Lessons from Indian elections

Before you ask, I do not have any. But, election season is the best time to get a front-row seat for the show on human behavior and psychology.

Now that polls are over, it is time for all to draw lessons from the mandate. It is the best time to witness hindsight bias in action. Media will lead the onslaught with a cacophony of op-eds—lessons from the election, advice to Modi, why we got the mood of the nation wrong, what Modi should be doing in the next five years, where Rahul went wrong, etc.

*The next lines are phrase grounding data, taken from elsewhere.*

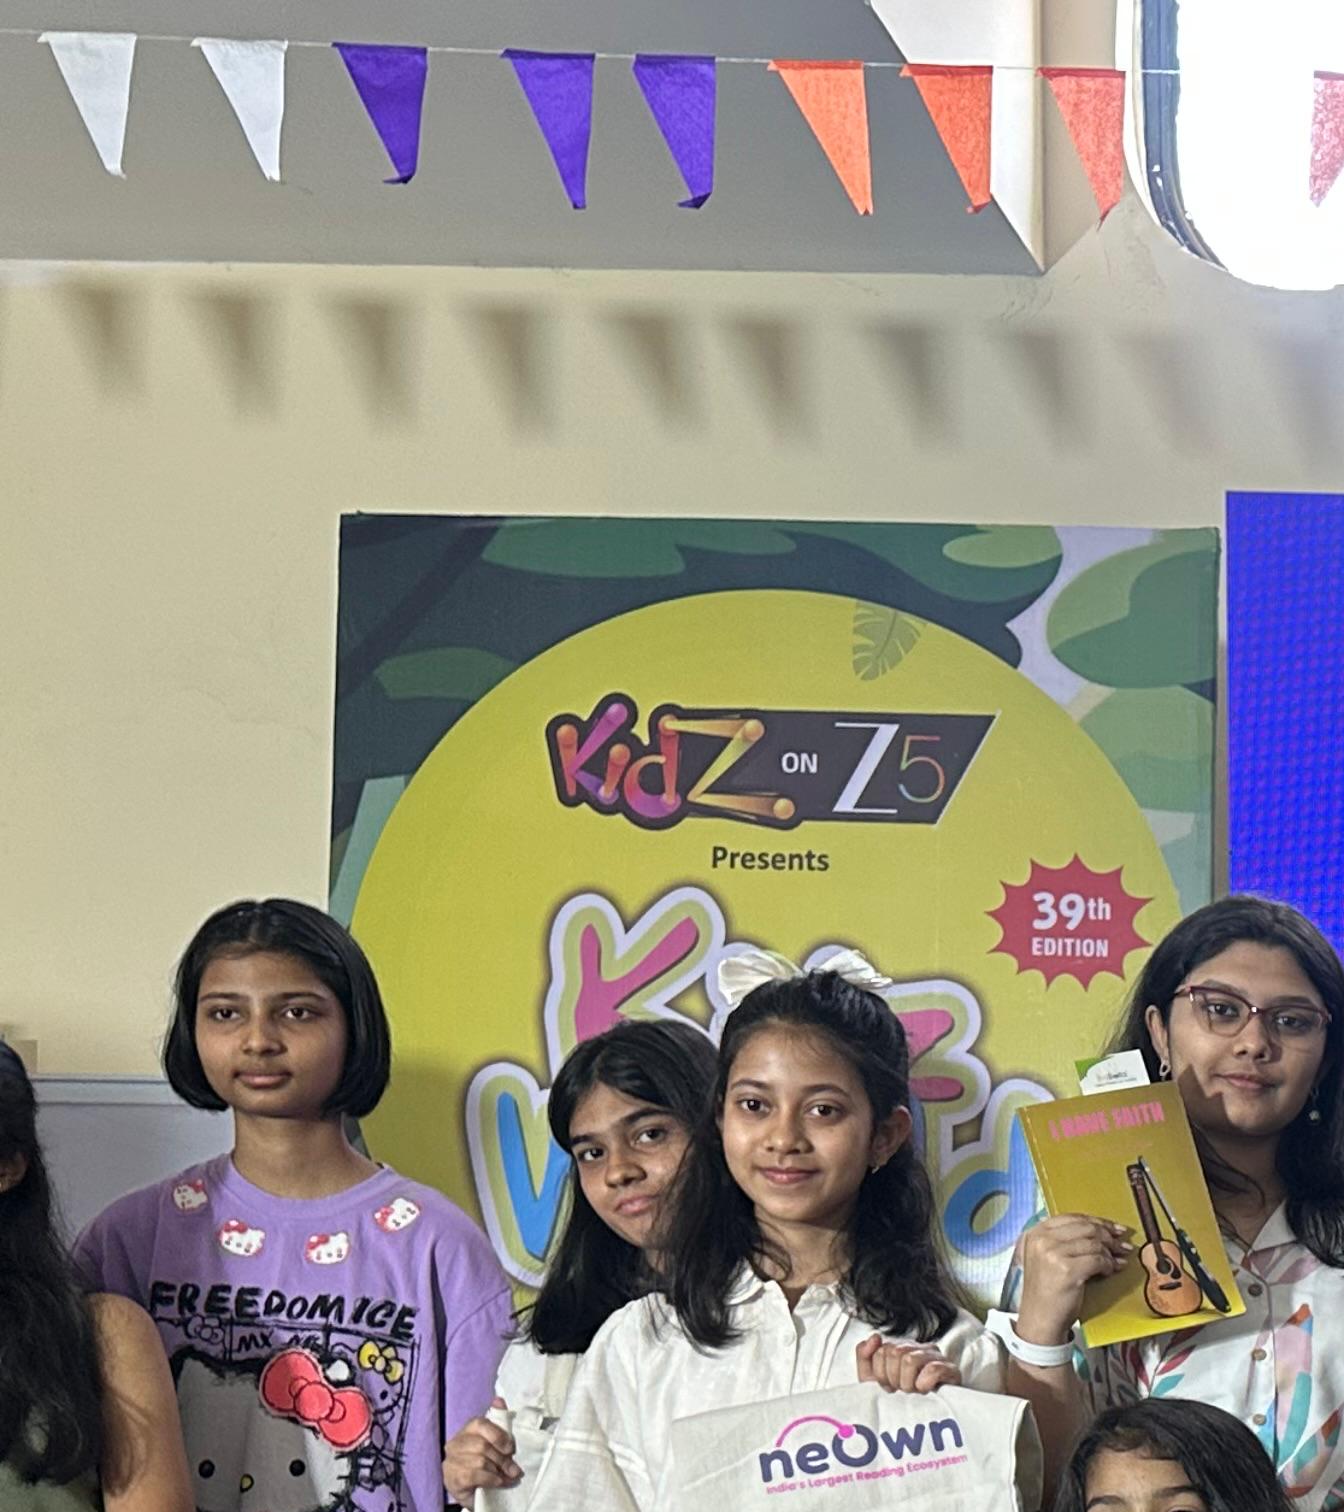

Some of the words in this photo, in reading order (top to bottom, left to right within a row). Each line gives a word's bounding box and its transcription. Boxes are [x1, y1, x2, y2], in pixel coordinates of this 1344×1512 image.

[781, 752, 817, 774] ON
[832, 721, 945, 814] Z5
[711, 846, 830, 872] Presents
[1031, 891, 1112, 931] 39th
[1031, 936, 1109, 958] EDITION
[150, 1281, 345, 1324] FREEDOM
[759, 1416, 963, 1484] neOwn
[808, 1473, 854, 1489] Largest
[856, 1466, 905, 1481] Reading
[906, 1454, 969, 1473] Ecosystem
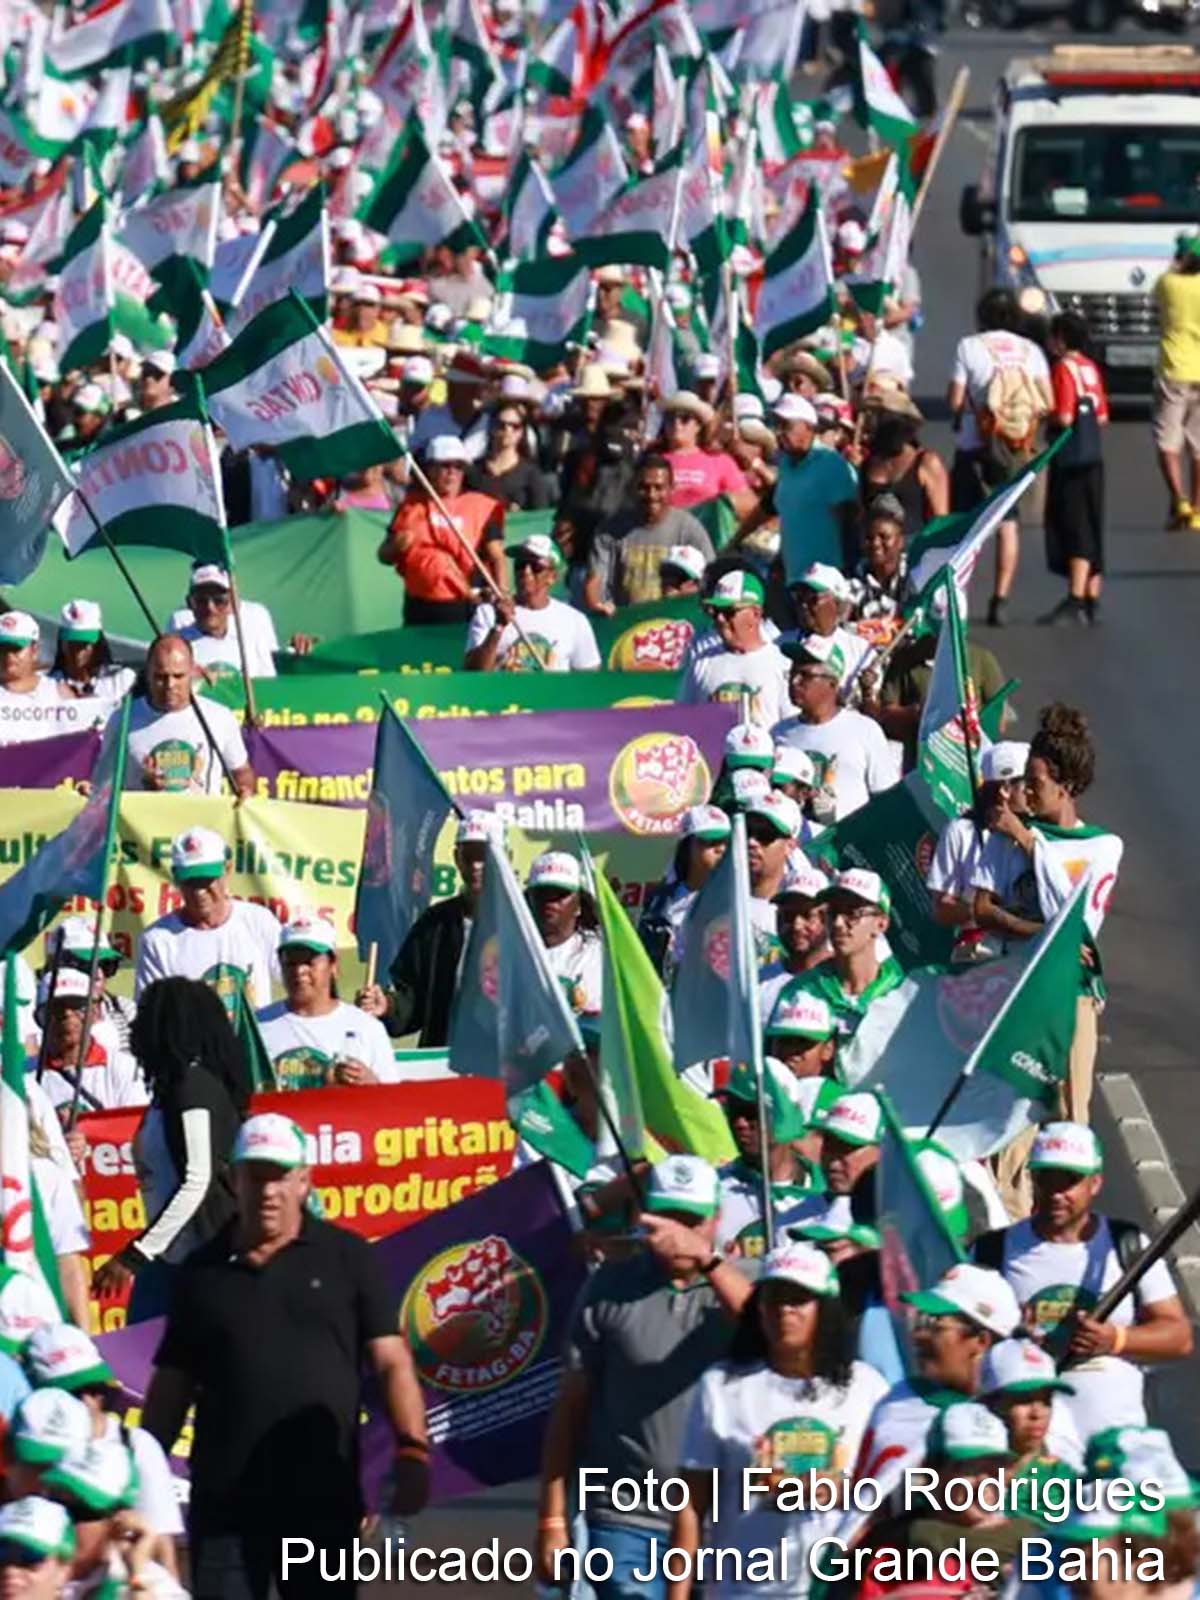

“Skin in the Game” and “Accountability” are best seen during these times. People who say one thing before the election write diametrically opposite words post-election. Renowned journalists who claimed this to be a waveless election, post-result write wordy articles on why the Modi wave was intense this time. Nevermind the fact that these are the same people who got the 2014 polls wrong too. The best part is, these personalities will soon start advising in television debates on what the government should be doing in the next five years to win over people’s hearts.

The thing I find fascinating is no one holds these individuals accountable for what they wrote before elections; no one questions their credibility and so-called expertise.

I believe it is almost impossible to predict the future, but what we can do is observe the broad trends; the trends should be the guide to the future. Yogi Berra captures it best:

It’s tough to make predictions, especially about the future.

The idea that the future is unpredictable is undermined every day by the ease with which the past is explained.

The above quote is from Daniel Kahneman; this should be the major takeaway from any massive upheaval.

PS: Contrary to the above, some people believe that the future is predictable; there are projects too on this.